Segment Open
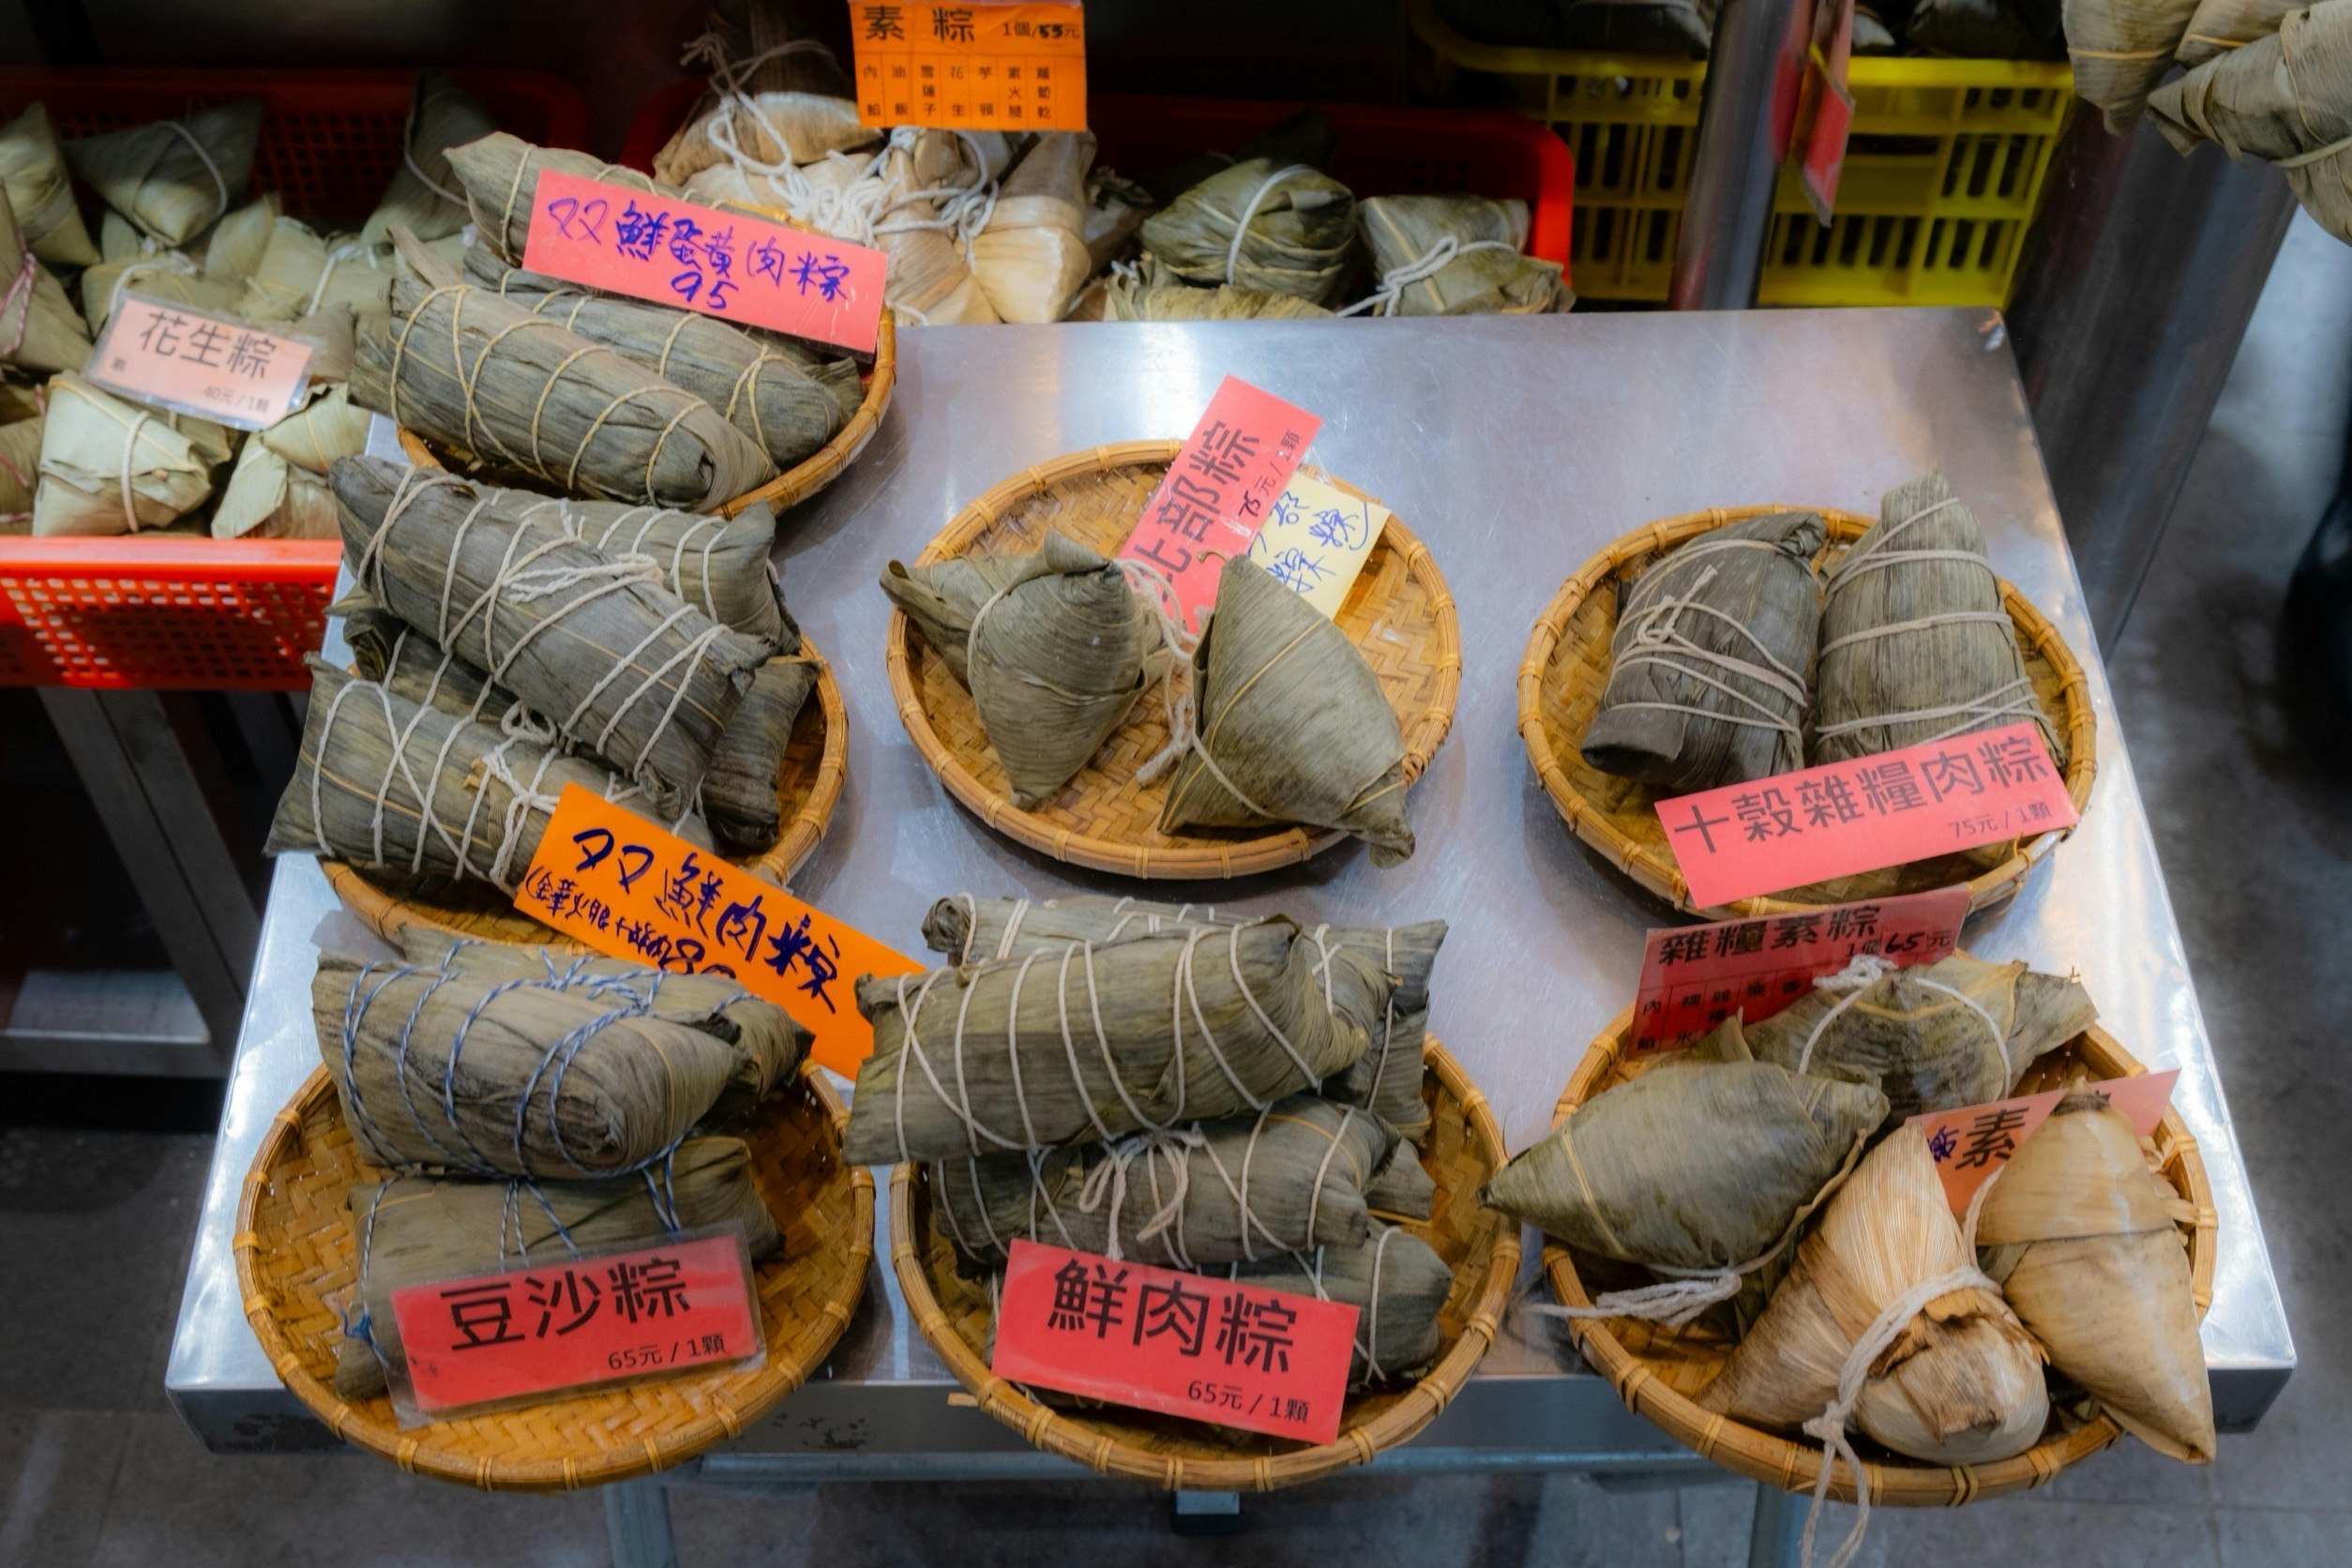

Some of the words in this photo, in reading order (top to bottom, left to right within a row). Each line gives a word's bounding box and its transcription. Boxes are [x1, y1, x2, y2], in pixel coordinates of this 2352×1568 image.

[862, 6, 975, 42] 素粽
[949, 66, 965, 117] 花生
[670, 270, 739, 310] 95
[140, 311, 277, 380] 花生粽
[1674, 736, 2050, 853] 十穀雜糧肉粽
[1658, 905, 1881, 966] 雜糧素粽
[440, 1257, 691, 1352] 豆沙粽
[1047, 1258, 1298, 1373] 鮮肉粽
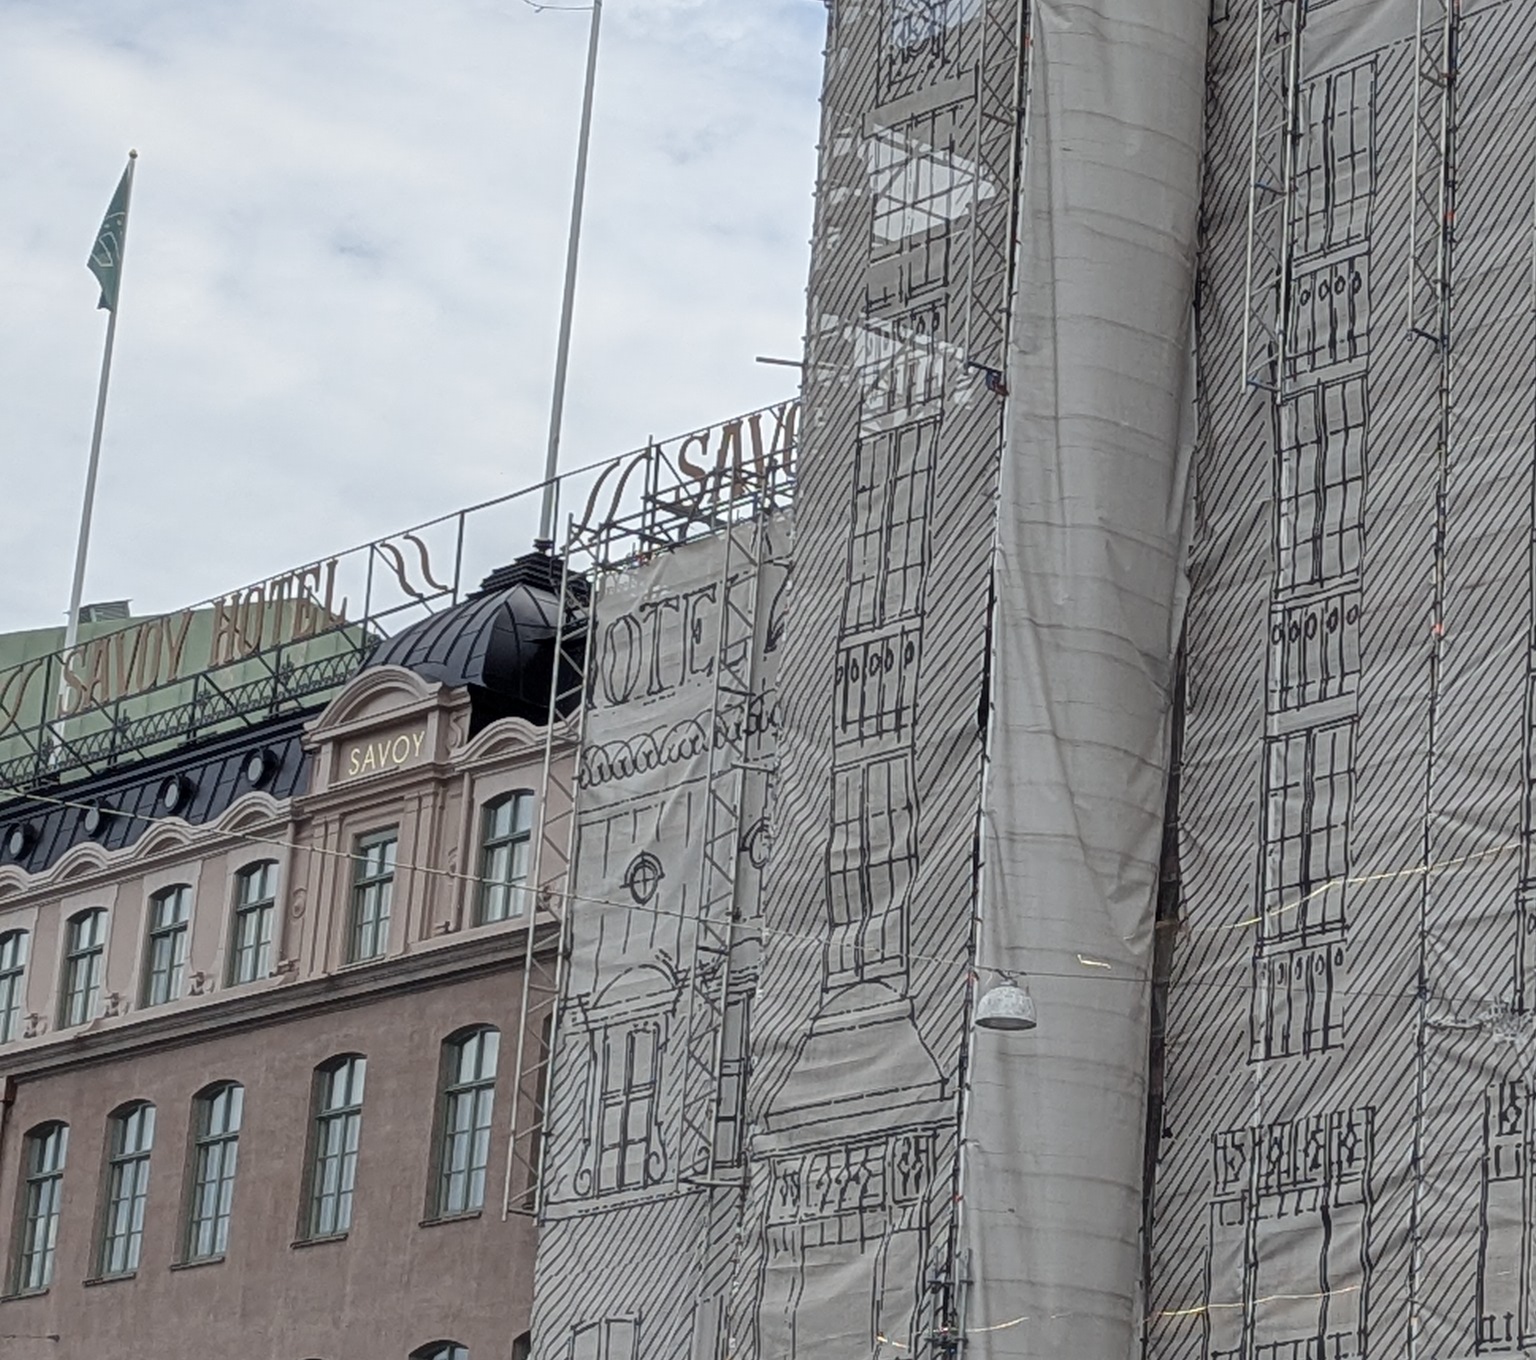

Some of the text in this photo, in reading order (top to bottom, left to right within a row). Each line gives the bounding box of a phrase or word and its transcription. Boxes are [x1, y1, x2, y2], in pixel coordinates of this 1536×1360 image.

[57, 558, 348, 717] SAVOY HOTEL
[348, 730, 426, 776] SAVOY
Segment Closed
Problem description
Copy all the lines of data exactly as they appear, dropping any images.

Response
Some of the words in this photo, in reading order (top to bottom, left to right within a row). Each line gives a word's bounding box and its transcription. Boxes are [x1, y1, x2, y2], in pixel coordinates of this 2352×1568 image.

[862, 6, 975, 42] 素粽
[949, 66, 965, 117] 花生
[670, 270, 739, 310] 95
[140, 311, 277, 380] 花生粽
[1674, 736, 2050, 853] 十穀雜糧肉粽
[1658, 905, 1881, 966] 雜糧素粽
[440, 1257, 691, 1352] 豆沙粽
[1047, 1258, 1298, 1373] 鮮肉粽

Some of the text in this photo, in reading order (top to bottom, left to right within a row). Each line gives the bounding box of a phrase or word and its transcription. Boxes are [x1, y1, x2, y2], in pixel coordinates of this 1536×1360 image.

[57, 558, 348, 717] SAVOY HOTEL
[348, 730, 426, 776] SAVOY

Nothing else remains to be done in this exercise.